Barrett was apparently following the same pattern back then with Cleveland, avoiding him while raising her son.
Barrett attended her son’s hockey games and worked in a personal care home in the Sudbury area.
Barrett would have been about 18 or 19 when she first started hanging out with Cleveland and she got pregnant in her early 20s, about the same time two other Sudbury women were also seeing Cleveland, the friend said.
Cleveland fathered two children with each of the other two women, the woman said, adding that Cleveland is believed to have fathered six children in the Sudbury area, including Barrett’s son.
She recalled how Cleveland reached out to each of the women he had kids with in Sudbury, around the same time in 2012. She recalled the phone calls when he tried to unsuccessfully to rekindle their relationship by long distance from Ottawa.
“He called me, and another girl told me he called her. He may have been trying to get (back) with a bunch of women and maybe Jennifer fell for it,” the woman said. “That’s what I don’t understand,” said the childhood friend. “What woman would allow her man to have another woman in the same house… she must have been messed up.”
In the months leading up to the discovery of Barrett’s remains in a barrel in the backyard of a home on Forest Lake Drive where the four — Barrett, Cleveland, Reid and Sullivan — lived, police were familiar with the address. They’d been called there on a domestic complaint by Reid, who claimed she was Cleveland’s common-law partner.
And last week, police made a point of emphasizing that one of the most puzzling factors in the case was that nobody knew Barrett was missing. She was not reported missing by anyone and nobody appeared to be looking for her, police said.
In fact, police traced part of the delay in disclosing the murder to the difficulty in confirming Barrett’s identity, which took forensic DNA analysis to secure.
The childhood friend has no idea if Barrett’s family reported her missing and wonders if Barrett’s decision to follow Cleveland caused a final break with her family.
Barrett’s parents are reported to still live in Val Caron, a largely francophone bedroom community about 15 kilometres north of Sudbury, along with her son.
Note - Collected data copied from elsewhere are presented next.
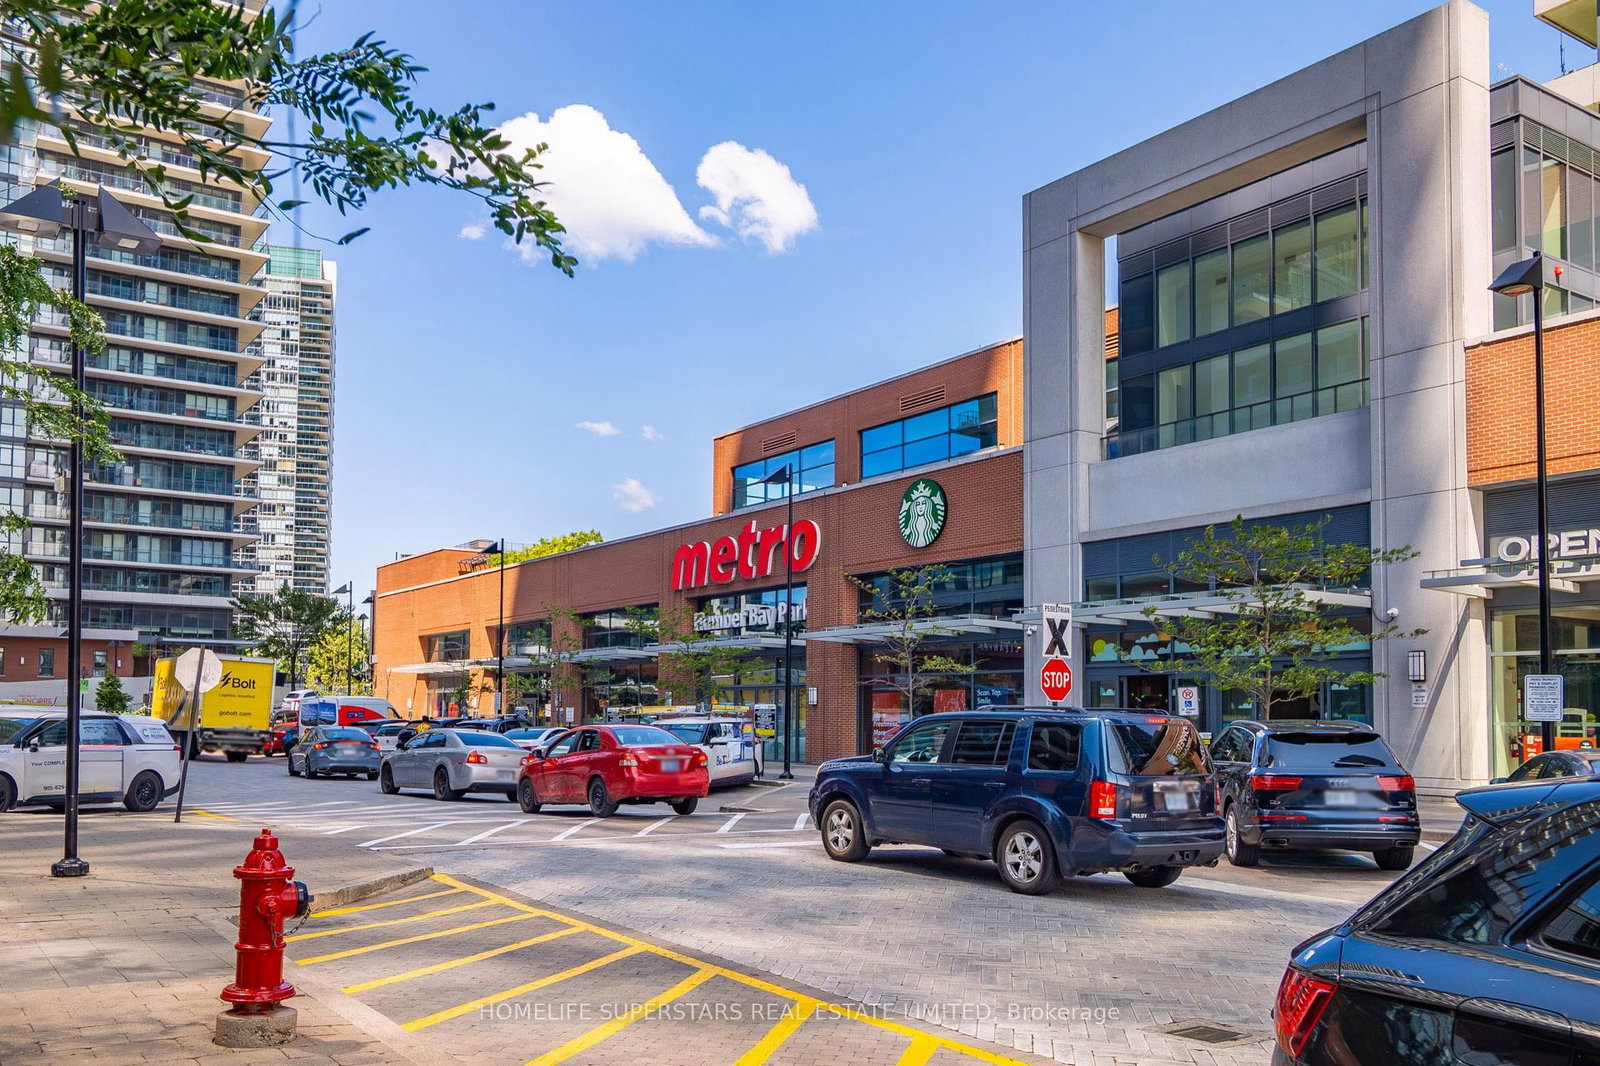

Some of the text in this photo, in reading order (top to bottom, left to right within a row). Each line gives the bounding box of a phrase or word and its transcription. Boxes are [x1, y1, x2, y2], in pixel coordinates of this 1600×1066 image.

[670, 519, 821, 591] metro
[748, 605, 777, 630] Bay
[1044, 605, 1070, 614] PEDESTRIAN
[1045, 617, 1069, 656] X
[232, 677, 256, 689] Bolt
[1043, 671, 1070, 689] STOP
A woman who answered the only listing for Barrett in Val Caron declined comment. “The cops in Sudbury told us if people ask us, we had a choice… and my husband and I have decided we will not talk to anyone. We want privacy,” said the woman before ending the call.
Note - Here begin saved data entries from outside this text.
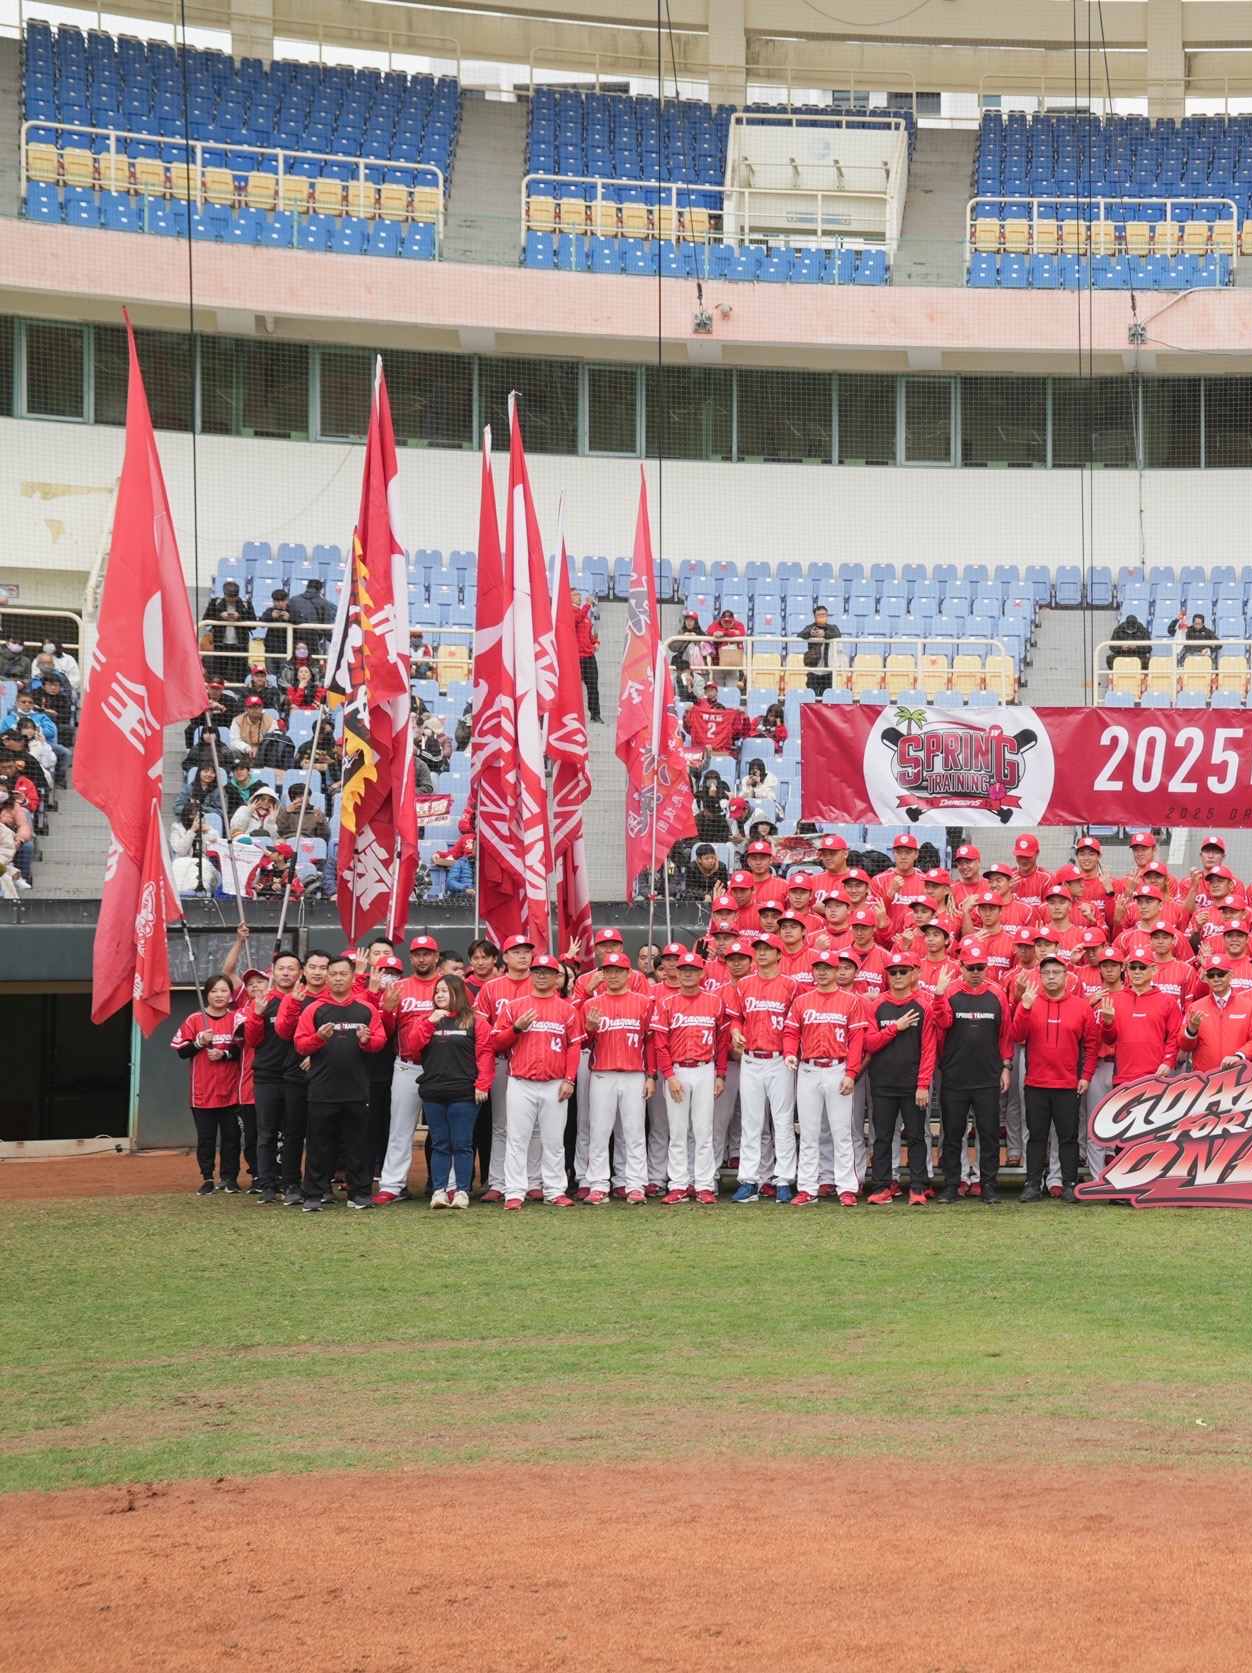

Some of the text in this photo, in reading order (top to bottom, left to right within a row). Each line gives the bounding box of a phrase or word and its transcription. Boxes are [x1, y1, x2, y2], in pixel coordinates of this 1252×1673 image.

[706, 722, 716, 738] 2
[897, 732, 1019, 787] SPRING
[927, 773, 990, 794] TRAINING
[1166, 807, 1216, 820] 2025
[745, 997, 786, 1013] Dragons
[597, 1016, 640, 1033] Dragons
[669, 1013, 716, 1029] Dragons
[770, 1015, 784, 1030] 93
[803, 1009, 848, 1025] Dragons
[701, 1030, 713, 1045] 76
[1165, 1111, 1248, 1143] FOR
A spokesman with the Manitoba Office of the Chief Medical Examiner confirmed Wednesday the Barrett’s remains had been released to her family at some point prior to last week’s arrests.
In September, police asked for the public’s help locating Cleveland in a domestic case involving Reid.
Reid applied for a protection order that was served in December when Winnipeg police arrested Cleveland on an assault charge involving Reid. He was in custody when police laid a first-degree murder charge against him last week.